Coronavirus is an onion because it has so many layers. When you get past one layer you just find more and each one makes you want to cry a little bit harder.
At first, the onion seems completely harmless. Back in January I remember saying these exact words, “It’s just like a flu or something, it’s not that bad, we will be fine.” Oh how wrong I was. When the first layer of an onion is peeled off, it’s really satisfying right? That’s what the cancellation of school was at first. In a few short weeks I’d come to find out how much I miss school. I was so excited to have a break, but I was acting like summer had started already. I downloaded this app called Yubo to pass the time. It was basically a place for random teenagers across the world to have a video group chat and make new friends while we were all bored. I also spent a lot of time texting friends and just chatting. My work even closed down so I truly had nothing to do. No one knew what was going to happen so it was really just a free for all. It seemed fine, there wasn’t many cases in America yet, the environment was clearing up, we seemed okay.
Eventually the juices from the next layer started to sting my eyes. The crazy Costco raids, the violence, the fear of even your neighbor, it seemed like the world was ending. I was so scared. My mom binge purchased so much food for no reason because she was legitimately afraid that we would run out of food or water. At this point school was deciding how to take place for the rest of the year and that is when I started to get really bad anxiety. I recently found that chewing gum helps with my anxiety. I also started to miss my friends a lot. It wasn’t enough to just text them anymore. It was becoming suffocating staying home all day.
At this point in the onion, it is getting hard to keep my eyes open. At least before we had hope that this situation would pass in just a few weeks. It’s not looking too good at this point. School is closed for the rest of the year. Actually, everything is closed. People are starting to get upset, some taking to the streets to protest the lock down. Tensions are high, people are arguing, we have no real leadership from the government. My mom and I were watching the broadcasts daily and there seemed to be nothing new for weeks besides petty political arguments. I’m a mess and I have no structure and a terrible sleep schedule. I don’t even know what day it is most of the time. Then Ramadan starts. For my family, we went all out this year. I spent hours and hours in the kitchen with my mom cooking some extravagant meals. It’s not like my mom had anything better to do. My uncle was coming over every other day because he got lonely in his house all by himself. It was nice, having family time and eating meals together for hours at a time everyday. However, this completely threw me off. I couldn’t keep up between fasting, cooking, family time, and my homework and other responsibilities. I fell really behind in school. I was really really struggling. My anxiety got even worse at this stage. Something that helped me was going on night drives. My uncle has a real nice car and let me drive down PCH for a long time one night. I felt like I could finally breathe again, at least for a little bit. My work had also opened up, which was a relief to have human interaction again, however so limited.

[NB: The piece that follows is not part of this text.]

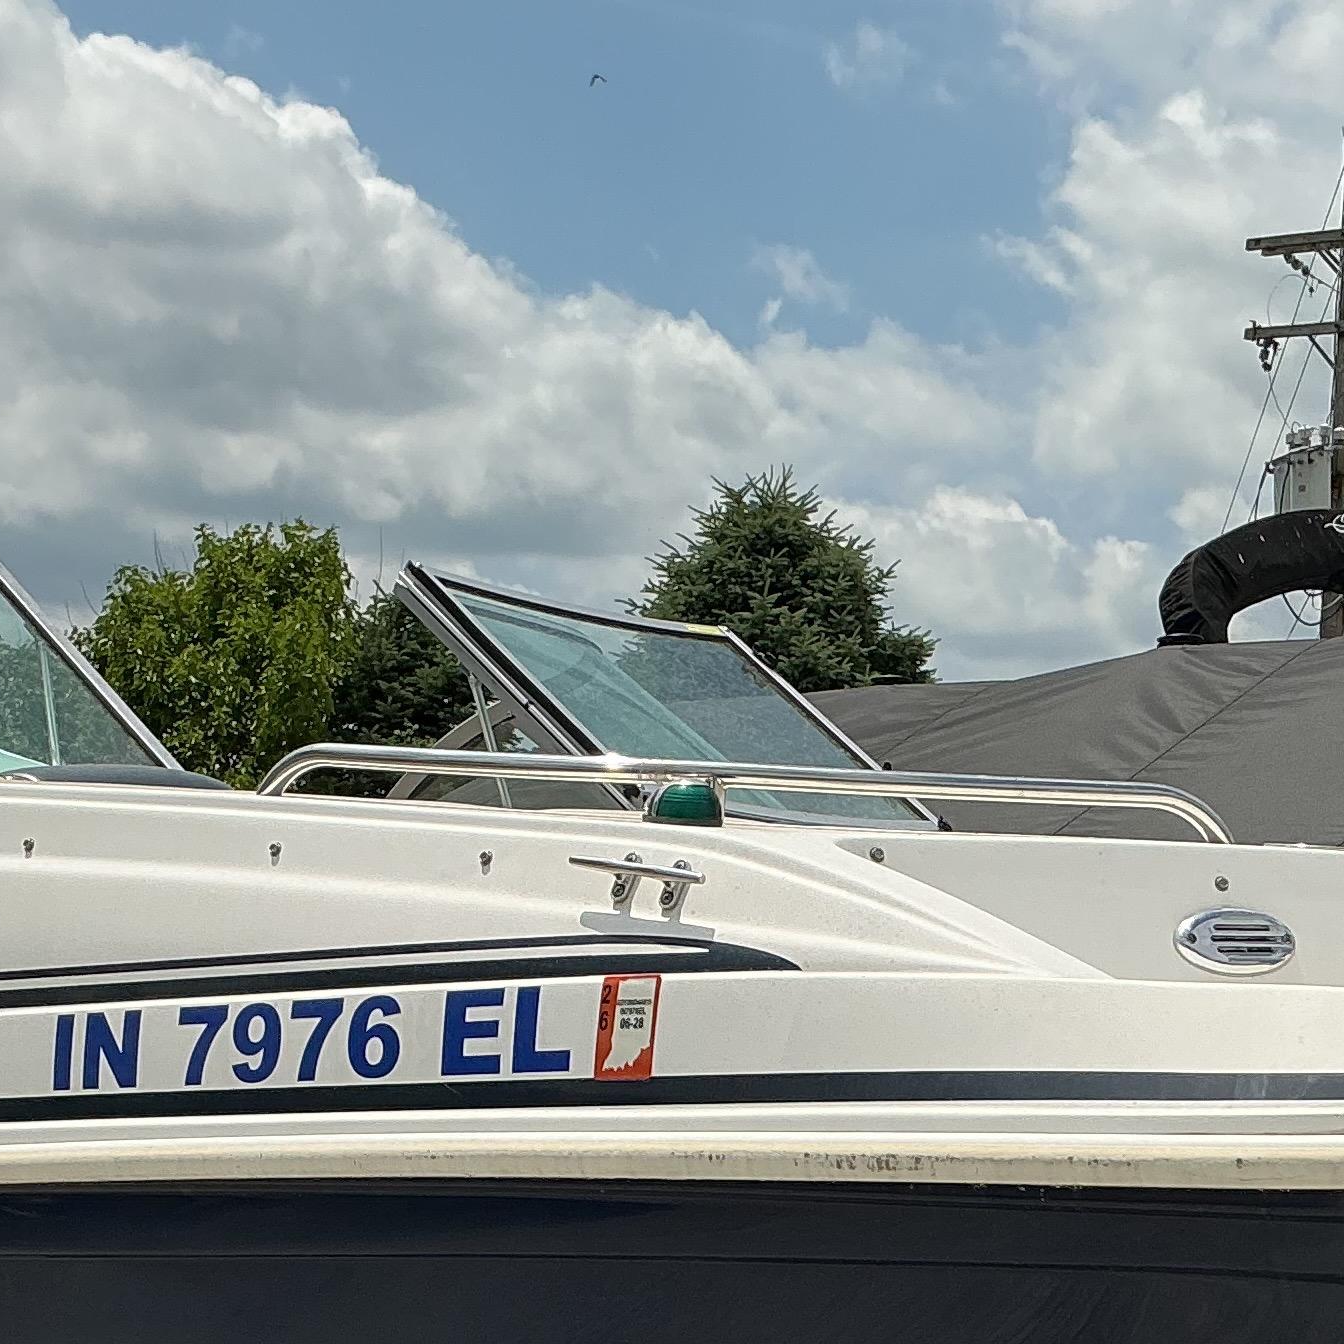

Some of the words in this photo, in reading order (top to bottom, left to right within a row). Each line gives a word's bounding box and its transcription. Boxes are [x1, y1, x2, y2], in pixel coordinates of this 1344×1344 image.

This next layer of the onion really sent the tears flowing across the world. Just as people started to get used to the life of COVID-19, George Floyd was murdered, and the world was upturned. Mass protests, widespread violence, intense arguments, intense racism, everything ugly came out. I got into a bit of an argument with a friend of mine because I called her out for social distancing. I had some difficult conversations with friends who didn’t understand all the layers of the BLM movement. Social distancing has basically gone out the window. Restrictions keep loosening up despite more and more people losing their lives every day. School wise, I was screwed. I had messed up so bad and got so behind in my AP Stats class. When it came time to take the AP test, I was unprepared and I did not do well on it. I wonder if I would have done well if I took it the normal way. I was upset for days after that. I wasted so much money, and lost an opportunity to save time in college. Also relating to college, I was signed up to take two college classes this summer. It is so difficult to communicate with people and get the answers you need via email. Things are changing, and quickly, and it seems everyday brings something new.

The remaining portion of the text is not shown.